Monday, October 12, 2009

I've used cellular automata as a thinking metaphor for how life could emerge from the Universe. If you had a large enough CA grid, starting random, you'd be guaranteed to get any possible structure. So if there are any structures that can persist and replicate, you should see them appear and start to dominate the grid.

1) This makes me think you would want a CA rule that didn't generally collapse randomness to nothingness or static structures. For example, Conway's rules on a random grid produce mostly empty space along with some bricks, blinkers, and occasional gliders. But in the Universe, even where you don't have life, you have interesting and complex stuff going on, possibly analogous to Wolfram's Rule 30.

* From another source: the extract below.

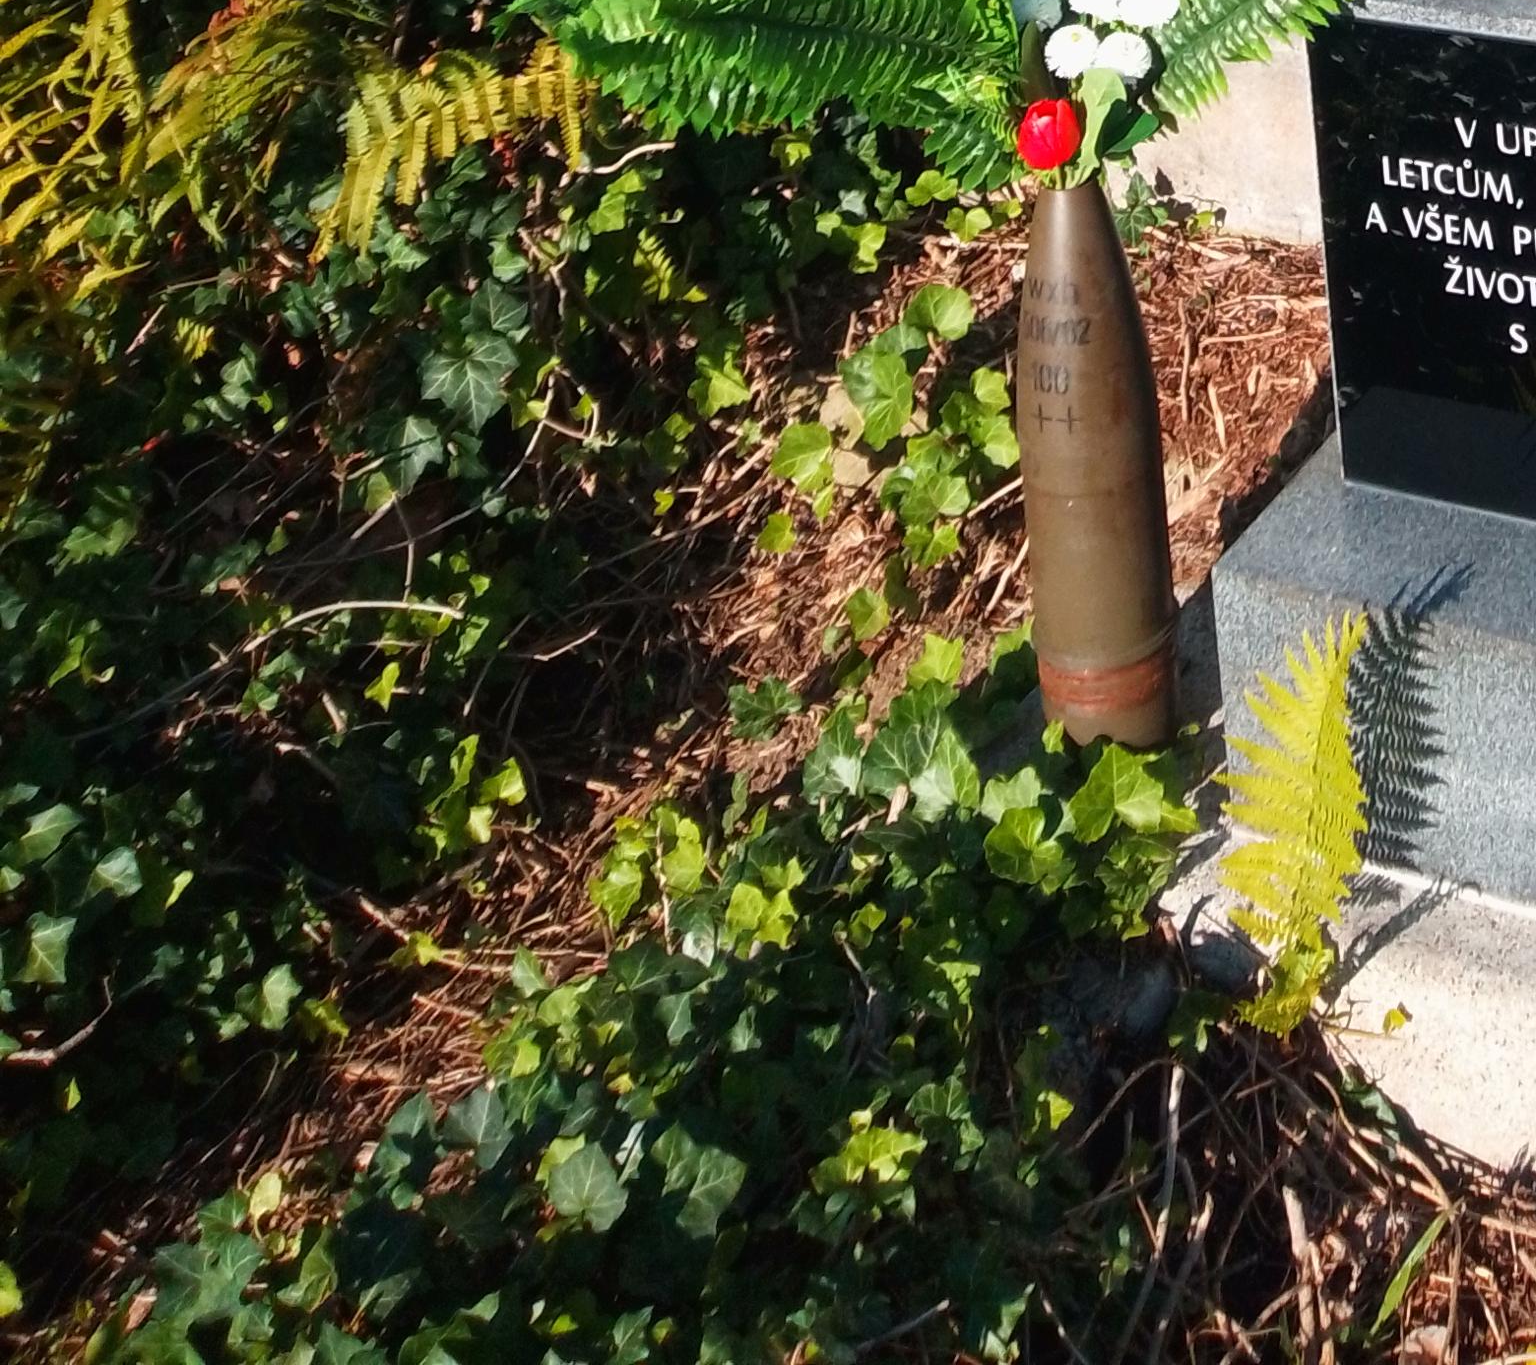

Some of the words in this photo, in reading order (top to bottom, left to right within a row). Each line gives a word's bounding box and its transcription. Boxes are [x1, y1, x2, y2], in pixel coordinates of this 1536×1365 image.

2) In the Universe, we don't know how life started, but it seems like there might have been a fairly smooth progression of complexity. Subatomic particles, hydrogen, heavier elements, simple molecules, nucleotides, RNA, etc. This differs from the "rely on extreme luck in the midst of a flat background" vision of CA. Even something like Rule 30 that doesn't flatten everything still doesn't produce stages of increasing depth. Maybe a CA would look like the Universe if you zoomed out (spatially and temporally) 10^10 so the "extremely lucky" structures were common and interacted with each other. If so, is the enormous amount of empty space and time between structures somehow necessary?